Burn-out wordt door sommigen meer gezien als een kenmerk van teams, dan een individueel syndroom.
Loop je hoofd gezond!
Meerdere studies geven aan dat wandelen een therapeutisch effect heeft. Veel van mijn coaching doe ik dan ook in de natuur. Het Drents-Friese Wold is mijn kantoor!
De sessies duren drie kwartier, net zo lang als een sessie binnenshuis. In dat opzicht is er weinig verschil. In het resultaat des te meer.

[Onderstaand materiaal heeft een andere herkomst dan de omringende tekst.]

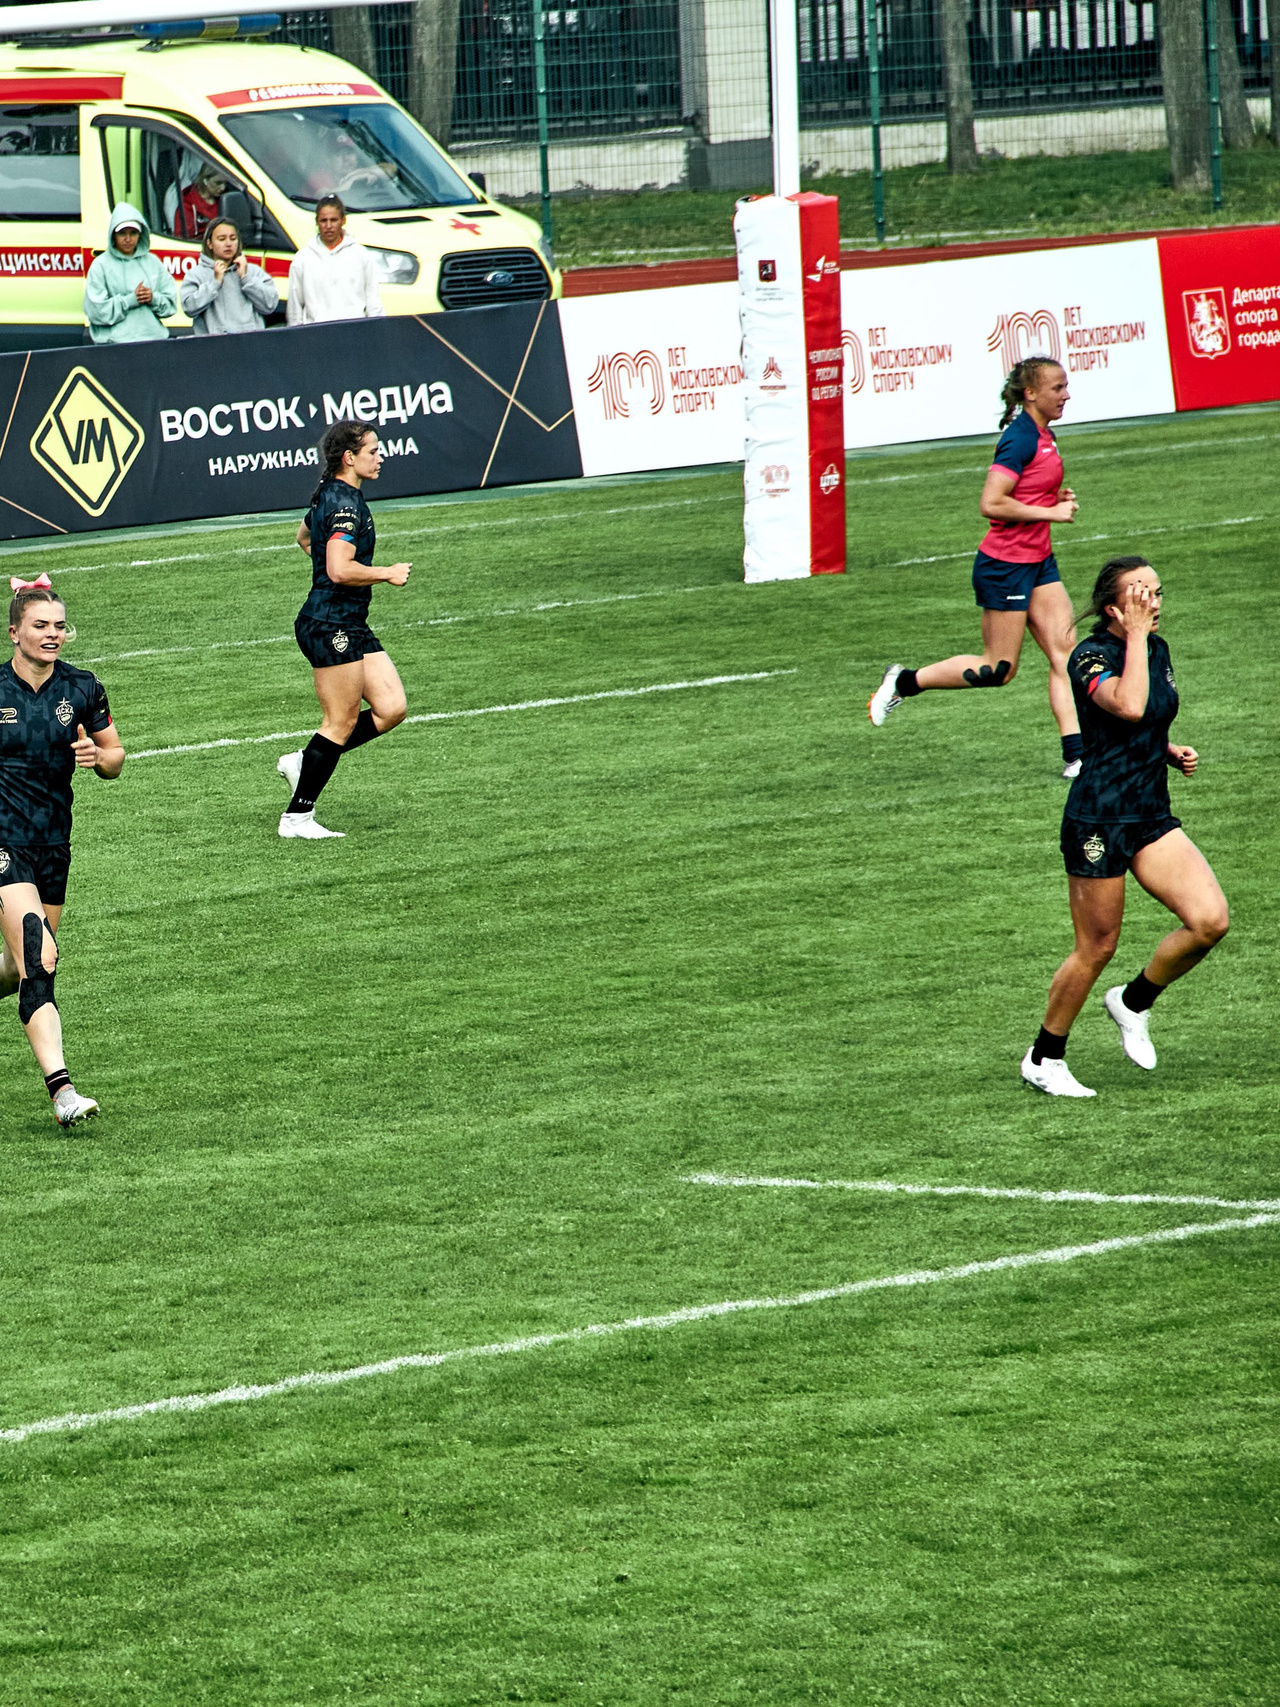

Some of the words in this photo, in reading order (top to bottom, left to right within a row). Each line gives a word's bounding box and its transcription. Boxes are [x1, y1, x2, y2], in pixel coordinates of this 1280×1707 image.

Mijn ervaring is dat coaching in de natuur mijn cliënten een (extra) positieve ervaring van het buiten zijn oplevert. Uit een onderzoek van de Groningse hoogleraar natuurbeleving Agnes van den Berg in opdracht van een zorgverzekeraar bleek dat mensen die wandelcoaching volgden, na 8 weken minder last hadden van hun burn-out, concentratieproblemen en stressklachten dan mensen uit een passieve controlegroep.
Het werkt! Mensen die niet weten welke richting ze op willen met hun leven laat ik ‘ns even stilstaan op een kruispunt in het bos. Zo’n metafoor kan wonderen doen. Sta eens even stil…
Vaak lopen
cliënten in hoog tempo door het bos. Ze hebben haast. Maar waarom…
Ik vraag ze rustiger te lopen en ze merken dat ze zich minder gehaast voelen. Je kunt dus zelf iets doen aan je opgejaagde gevoel. Dat is een mooie constatering. We willen graag zeggenschap en controle. Veel van mijn cliënten vinden het ook prettig dat je elkaar niet hoeft aan te kijken tijdens de walk en talk sessies. Het is wat informeler en de situatie nodigt makkelijker uit tot praten. Het lichaam ontspant, de geest volgt. Hoe mooi is dat?
Vroeger spoorde ik mijn cliënten aan om meer te bewegen in de buitenlucht, ik ben zelf een fervent sporter. Nu ga ik met ze mee. Ik merk ook dat ik buiten alerter ben en meer informatie kan verwerken. Zo snijdt het mes aan twee kanten.